*** The records Section Begins ***

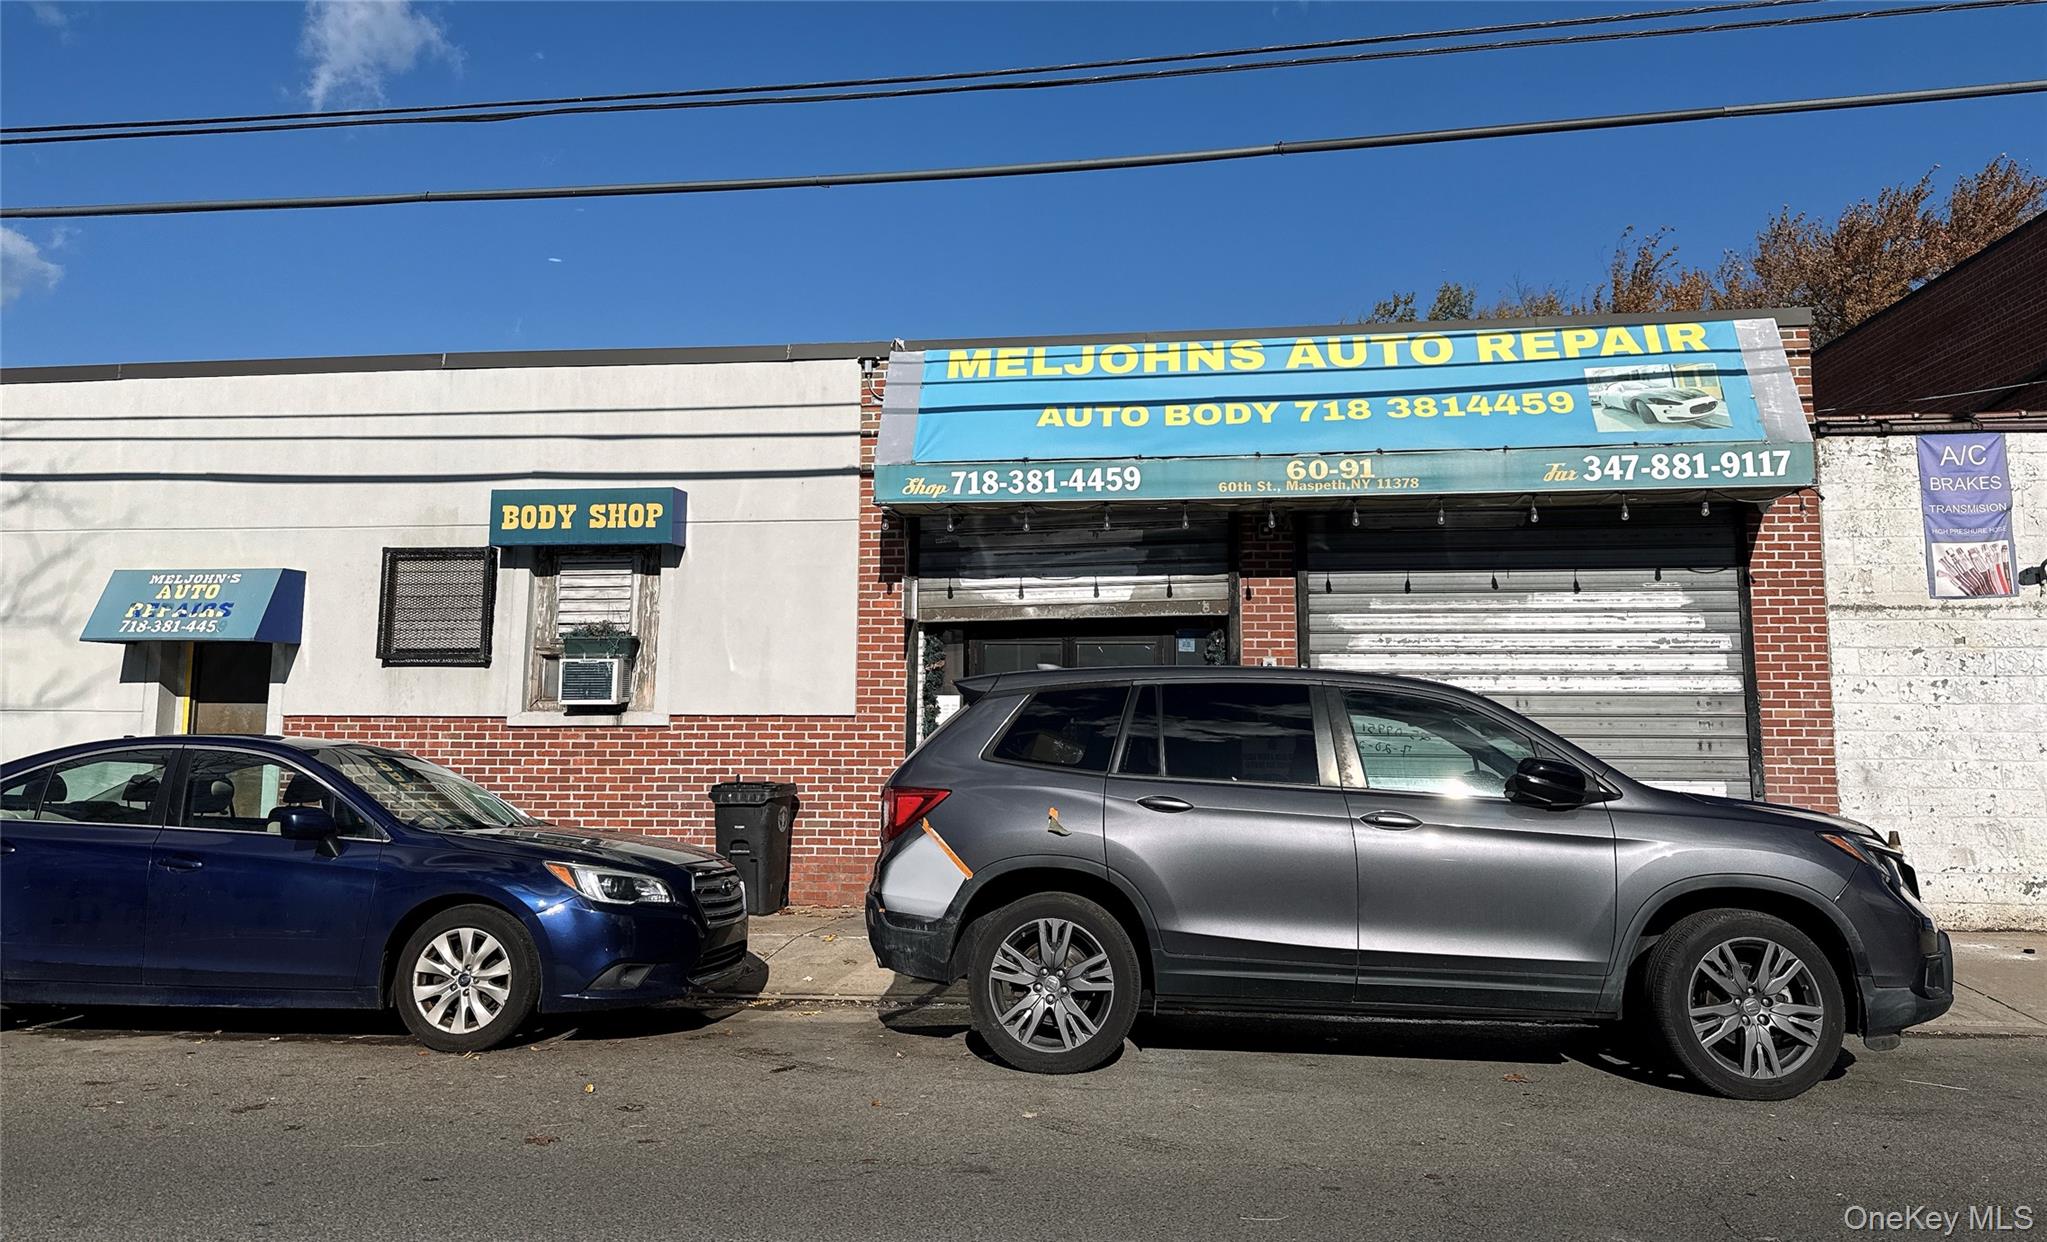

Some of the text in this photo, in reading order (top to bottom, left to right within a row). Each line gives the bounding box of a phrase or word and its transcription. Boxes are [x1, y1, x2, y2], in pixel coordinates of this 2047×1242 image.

[946, 322, 1711, 380] MELJOHNS AUTO REPAIR
[1036, 390, 1575, 428] AUTO BODY 718 3814459
[1542, 450, 1792, 482] Fax 347-881-9117
[1939, 444, 1987, 466] A/C
[1285, 458, 1376, 480] 60-91
[901, 466, 1142, 498] Shop 718-381-4459
[1217, 481, 1252, 493] 60th
[1376, 477, 1420, 489] 11378
[1929, 476, 2002, 491] BRAKES
[501, 502, 664, 530] BODY SHOP
[1928, 502, 2008, 514] TRANSMISION
[148, 573, 243, 585] MELJOHN'S
[155, 584, 222, 600] AUTO
[124, 602, 235, 619] REPAIRS
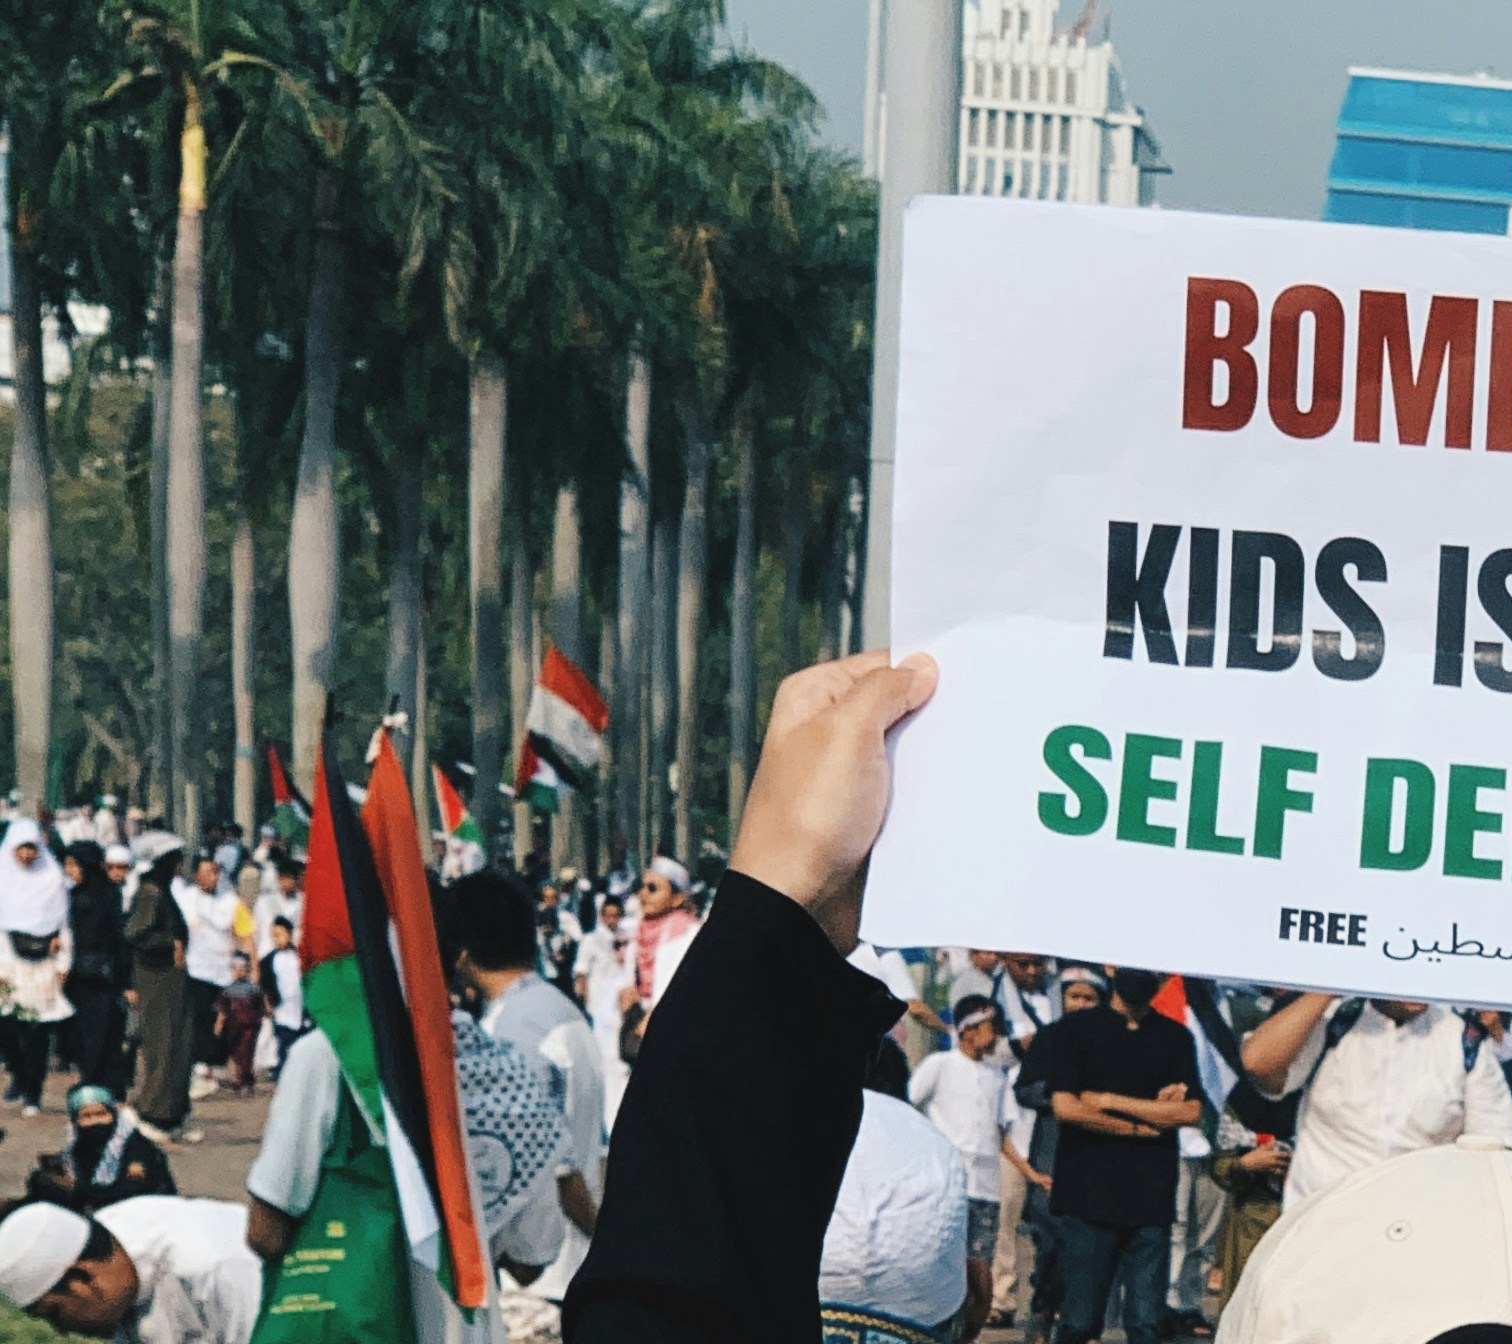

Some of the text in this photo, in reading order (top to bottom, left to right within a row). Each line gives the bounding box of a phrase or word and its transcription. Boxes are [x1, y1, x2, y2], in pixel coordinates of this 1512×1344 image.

[1102, 520, 1388, 681] KIDS
[1037, 724, 1318, 859] SELF
[1278, 906, 1368, 948] FREE

*** The records Section Ends ***

* Brief *
Letter for letter, reproduce every record above and skip the pictures.

* Solution for this exercise *
Some of the text in this photo, in reading order (top to bottom, left to right within a row). Each line gives the bounding box of a phrase or word and its transcription. Boxes are [x1, y1, x2, y2], in pixel coordinates of this 2047×1242 image.

[946, 322, 1711, 380] MELJOHNS AUTO REPAIR
[1036, 390, 1575, 428] AUTO BODY 718 3814459
[1542, 450, 1792, 482] Fax 347-881-9117
[1939, 444, 1987, 466] A/C
[1285, 458, 1376, 480] 60-91
[901, 466, 1142, 498] Shop 718-381-4459
[1217, 481, 1252, 493] 60th
[1376, 477, 1420, 489] 11378
[1929, 476, 2002, 491] BRAKES
[501, 502, 664, 530] BODY SHOP
[1928, 502, 2008, 514] TRANSMISION
[148, 573, 243, 585] MELJOHN'S
[155, 584, 222, 600] AUTO
[124, 602, 235, 619] REPAIRS

Some of the text in this photo, in reading order (top to bottom, left to right within a row). Each line gives the bounding box of a phrase or word and its transcription. Boxes are [x1, y1, x2, y2], in pixel coordinates of this 1512×1344 image.

[1102, 520, 1388, 681] KIDS
[1037, 724, 1318, 859] SELF
[1278, 906, 1368, 948] FREE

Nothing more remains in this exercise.